What is needed | The records below need to be repeated exactly, though not their pictures.

Source material |
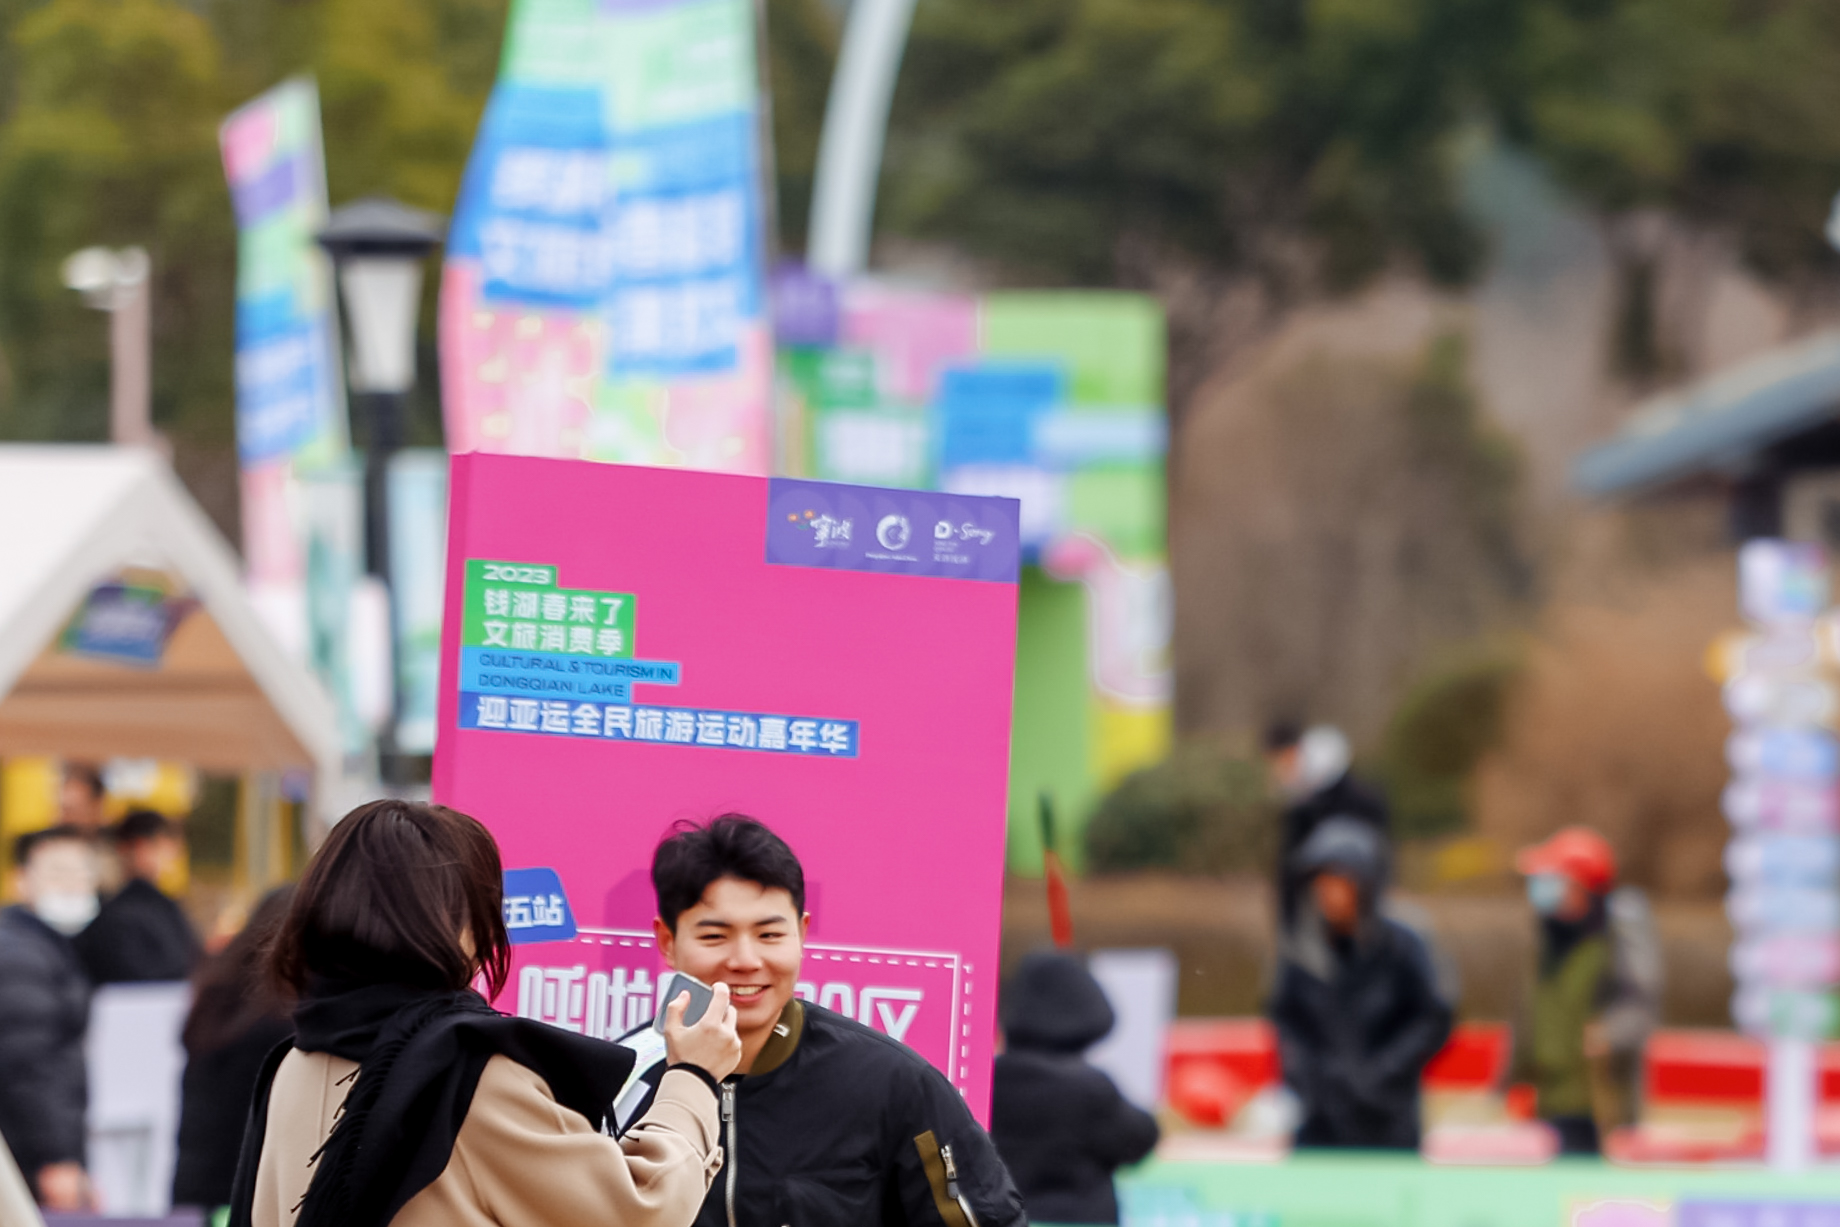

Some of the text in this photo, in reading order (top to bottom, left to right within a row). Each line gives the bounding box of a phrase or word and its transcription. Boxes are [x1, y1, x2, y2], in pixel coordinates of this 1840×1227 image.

[482, 564, 551, 584] 2023
[484, 588, 624, 625] 钱湖春来了
[482, 620, 622, 655] 文旅消费季
[479, 654, 673, 680] CULTURAL & TOURISM IN
[479, 674, 624, 697] DONGQIAN LAKE
[477, 696, 848, 753] 迎亚运全民旅游运动嘉年华
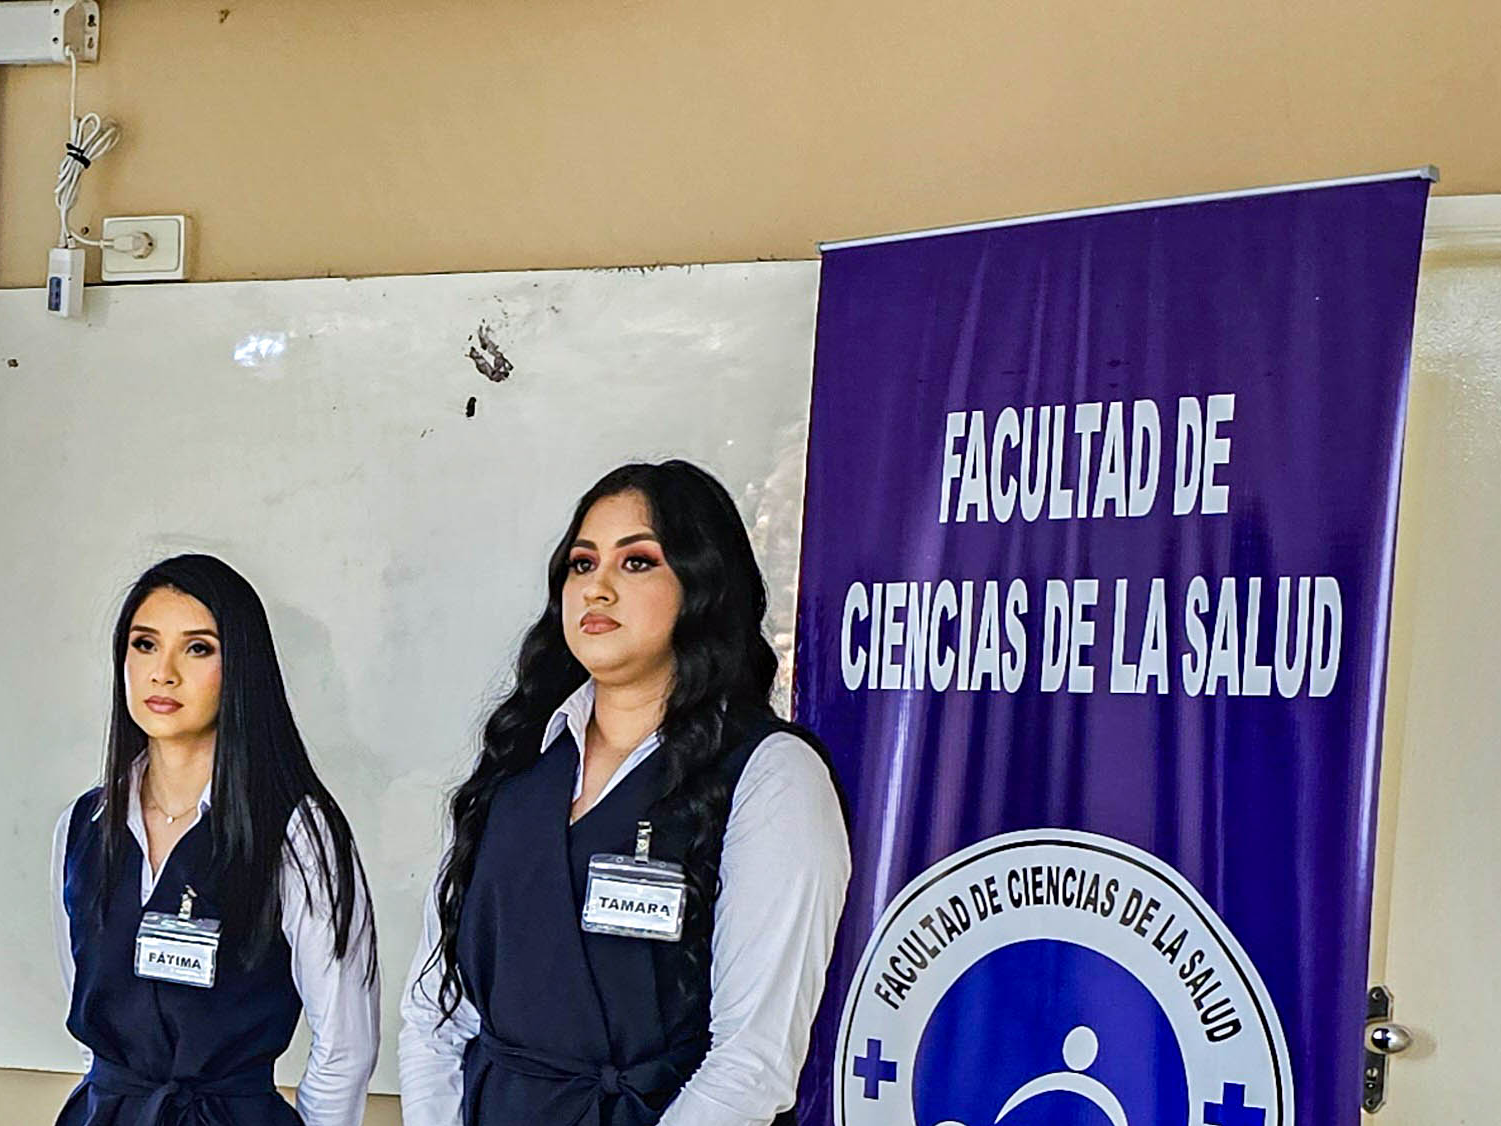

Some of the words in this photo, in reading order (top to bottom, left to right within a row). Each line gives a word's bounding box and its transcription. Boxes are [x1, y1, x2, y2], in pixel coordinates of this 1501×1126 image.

[939, 399, 1161, 523] FACULTAD
[1173, 394, 1236, 516] DE
[841, 578, 1029, 694] CIENCIAS
[1040, 578, 1099, 693] DE
[1110, 578, 1169, 694] LA
[1181, 576, 1343, 698] SALUD
[148, 951, 202, 970] FÁTIMA
[598, 896, 671, 917] TAMARA
[874, 895, 972, 1010] FACULTAD
[970, 876, 1003, 921] DE
[1007, 865, 1120, 918] CIENCIAS
[1119, 880, 1161, 938] DE
[1151, 915, 1192, 966] LA
[1179, 949, 1243, 1045] SALUD

Output for this task |
Some of the text in this photo, in reading order (top to bottom, left to right within a row). Each line gives the bounding box of a phrase or word and its transcription. Boxes are [x1, y1, x2, y2], in pixel coordinates of this 1840×1227 image.

[482, 564, 551, 584] 2023
[484, 588, 624, 625] 钱湖春来了
[482, 620, 622, 655] 文旅消费季
[479, 654, 673, 680] CULTURAL & TOURISM IN
[479, 674, 624, 697] DONGQIAN LAKE
[477, 696, 848, 753] 迎亚运全民旅游运动嘉年华

Some of the words in this photo, in reading order (top to bottom, left to right within a row). Each line gives a word's bounding box and its transcription. Boxes are [x1, y1, x2, y2], in pixel coordinates of this 1501×1126 image.

[939, 399, 1161, 523] FACULTAD
[1173, 394, 1236, 516] DE
[841, 578, 1029, 694] CIENCIAS
[1040, 578, 1099, 693] DE
[1110, 578, 1169, 694] LA
[1181, 576, 1343, 698] SALUD
[148, 951, 202, 970] FÁTIMA
[598, 896, 671, 917] TAMARA
[874, 895, 972, 1010] FACULTAD
[970, 876, 1003, 921] DE
[1007, 865, 1120, 918] CIENCIAS
[1119, 880, 1161, 938] DE
[1151, 915, 1192, 966] LA
[1179, 949, 1243, 1045] SALUD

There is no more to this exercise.